Assignment -> Copy out every line below without alteration.

--- Records for this exercise ---

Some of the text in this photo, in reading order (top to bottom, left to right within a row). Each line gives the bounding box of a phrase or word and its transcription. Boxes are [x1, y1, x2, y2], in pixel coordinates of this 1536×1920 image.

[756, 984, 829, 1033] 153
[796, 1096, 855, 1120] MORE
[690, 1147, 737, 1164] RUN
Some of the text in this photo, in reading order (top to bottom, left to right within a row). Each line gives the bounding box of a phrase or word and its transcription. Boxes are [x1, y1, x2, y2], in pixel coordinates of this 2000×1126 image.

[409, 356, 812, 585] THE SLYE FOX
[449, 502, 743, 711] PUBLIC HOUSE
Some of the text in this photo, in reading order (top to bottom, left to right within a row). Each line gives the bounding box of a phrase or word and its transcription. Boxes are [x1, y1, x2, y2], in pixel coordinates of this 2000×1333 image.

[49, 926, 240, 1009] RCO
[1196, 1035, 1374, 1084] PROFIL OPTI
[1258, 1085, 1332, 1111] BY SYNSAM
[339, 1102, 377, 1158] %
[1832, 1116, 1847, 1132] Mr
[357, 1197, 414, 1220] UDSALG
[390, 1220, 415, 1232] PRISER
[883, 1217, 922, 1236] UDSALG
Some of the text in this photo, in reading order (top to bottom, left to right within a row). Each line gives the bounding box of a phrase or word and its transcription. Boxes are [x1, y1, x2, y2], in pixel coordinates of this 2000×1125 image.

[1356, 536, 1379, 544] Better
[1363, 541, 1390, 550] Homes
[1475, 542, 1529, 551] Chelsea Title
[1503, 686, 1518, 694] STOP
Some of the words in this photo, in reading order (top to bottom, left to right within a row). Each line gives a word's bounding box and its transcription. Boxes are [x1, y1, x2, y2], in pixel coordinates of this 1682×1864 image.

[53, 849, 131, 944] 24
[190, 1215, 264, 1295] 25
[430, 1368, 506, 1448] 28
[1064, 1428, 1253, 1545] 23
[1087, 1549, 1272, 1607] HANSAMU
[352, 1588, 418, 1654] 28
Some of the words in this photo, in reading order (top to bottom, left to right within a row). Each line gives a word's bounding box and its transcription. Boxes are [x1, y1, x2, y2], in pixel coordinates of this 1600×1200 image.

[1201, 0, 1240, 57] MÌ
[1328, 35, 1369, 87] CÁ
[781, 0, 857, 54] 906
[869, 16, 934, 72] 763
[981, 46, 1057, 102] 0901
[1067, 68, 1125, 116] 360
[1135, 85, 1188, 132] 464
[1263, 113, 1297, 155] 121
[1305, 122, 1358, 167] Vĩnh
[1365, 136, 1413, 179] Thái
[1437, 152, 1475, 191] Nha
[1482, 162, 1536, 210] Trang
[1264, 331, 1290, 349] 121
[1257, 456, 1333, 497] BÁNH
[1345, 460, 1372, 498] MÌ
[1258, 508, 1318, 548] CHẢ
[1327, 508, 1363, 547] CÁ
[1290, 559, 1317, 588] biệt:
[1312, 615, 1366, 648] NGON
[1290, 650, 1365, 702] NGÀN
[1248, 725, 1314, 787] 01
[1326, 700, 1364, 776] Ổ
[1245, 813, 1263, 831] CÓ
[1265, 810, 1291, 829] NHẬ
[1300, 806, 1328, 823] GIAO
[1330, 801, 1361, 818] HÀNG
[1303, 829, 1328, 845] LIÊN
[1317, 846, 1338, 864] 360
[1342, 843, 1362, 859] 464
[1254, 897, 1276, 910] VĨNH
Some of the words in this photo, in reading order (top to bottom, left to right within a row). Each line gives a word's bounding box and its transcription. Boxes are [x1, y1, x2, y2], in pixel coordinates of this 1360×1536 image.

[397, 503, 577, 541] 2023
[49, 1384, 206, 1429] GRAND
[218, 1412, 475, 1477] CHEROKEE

---

Expected output ->
Some of the text in this photo, in reading order (top to bottom, left to right within a row). Each line gives the bounding box of a phrase or word and its transcription. Boxes are [x1, y1, x2, y2], in pixel coordinates of this 1536×1920 image.

[756, 984, 829, 1033] 153
[796, 1096, 855, 1120] MORE
[690, 1147, 737, 1164] RUN
Some of the text in this photo, in reading order (top to bottom, left to right within a row). Each line gives the bounding box of a phrase or word and its transcription. Boxes are [x1, y1, x2, y2], in pixel coordinates of this 2000×1126 image.

[409, 356, 812, 585] THE SLYE FOX
[449, 502, 743, 711] PUBLIC HOUSE
Some of the text in this photo, in reading order (top to bottom, left to right within a row). Each line gives the bounding box of a phrase or word and its transcription. Boxes are [x1, y1, x2, y2], in pixel coordinates of this 2000×1333 image.

[49, 926, 240, 1009] RCO
[1196, 1035, 1374, 1084] PROFIL OPTI
[1258, 1085, 1332, 1111] BY SYNSAM
[339, 1102, 377, 1158] %
[1832, 1116, 1847, 1132] Mr
[357, 1197, 414, 1220] UDSALG
[390, 1220, 415, 1232] PRISER
[883, 1217, 922, 1236] UDSALG
Some of the text in this photo, in reading order (top to bottom, left to right within a row). Each line gives the bounding box of a phrase or word and its transcription. Boxes are [x1, y1, x2, y2], in pixel coordinates of this 2000×1125 image.

[1356, 536, 1379, 544] Better
[1363, 541, 1390, 550] Homes
[1475, 542, 1529, 551] Chelsea Title
[1503, 686, 1518, 694] STOP
Some of the words in this photo, in reading order (top to bottom, left to right within a row). Each line gives a word's bounding box and its transcription. Boxes are [x1, y1, x2, y2], in pixel coordinates of this 1682×1864 image.

[53, 849, 131, 944] 24
[190, 1215, 264, 1295] 25
[430, 1368, 506, 1448] 28
[1064, 1428, 1253, 1545] 23
[1087, 1549, 1272, 1607] HANSAMU
[352, 1588, 418, 1654] 28
Some of the words in this photo, in reading order (top to bottom, left to right within a row). Each line gives a word's bounding box and its transcription. Boxes are [x1, y1, x2, y2], in pixel coordinates of this 1600×1200 image.

[1201, 0, 1240, 57] MÌ
[1328, 35, 1369, 87] CÁ
[781, 0, 857, 54] 906
[869, 16, 934, 72] 763
[981, 46, 1057, 102] 0901
[1067, 68, 1125, 116] 360
[1135, 85, 1188, 132] 464
[1263, 113, 1297, 155] 121
[1305, 122, 1358, 167] Vĩnh
[1365, 136, 1413, 179] Thái
[1437, 152, 1475, 191] Nha
[1482, 162, 1536, 210] Trang
[1264, 331, 1290, 349] 121
[1257, 456, 1333, 497] BÁNH
[1345, 460, 1372, 498] MÌ
[1258, 508, 1318, 548] CHẢ
[1327, 508, 1363, 547] CÁ
[1290, 559, 1317, 588] biệt:
[1312, 615, 1366, 648] NGON
[1290, 650, 1365, 702] NGÀN
[1248, 725, 1314, 787] 01
[1326, 700, 1364, 776] Ổ
[1245, 813, 1263, 831] CÓ
[1265, 810, 1291, 829] NHẬ
[1300, 806, 1328, 823] GIAO
[1330, 801, 1361, 818] HÀNG
[1303, 829, 1328, 845] LIÊN
[1317, 846, 1338, 864] 360
[1342, 843, 1362, 859] 464
[1254, 897, 1276, 910] VĨNH
Some of the words in this photo, in reading order (top to bottom, left to right within a row). Each line gives a word's bounding box and its transcription. Boxes are [x1, y1, x2, y2], in pixel coordinates of this 1360×1536 image.

[397, 503, 577, 541] 2023
[49, 1384, 206, 1429] GRAND
[218, 1412, 475, 1477] CHEROKEE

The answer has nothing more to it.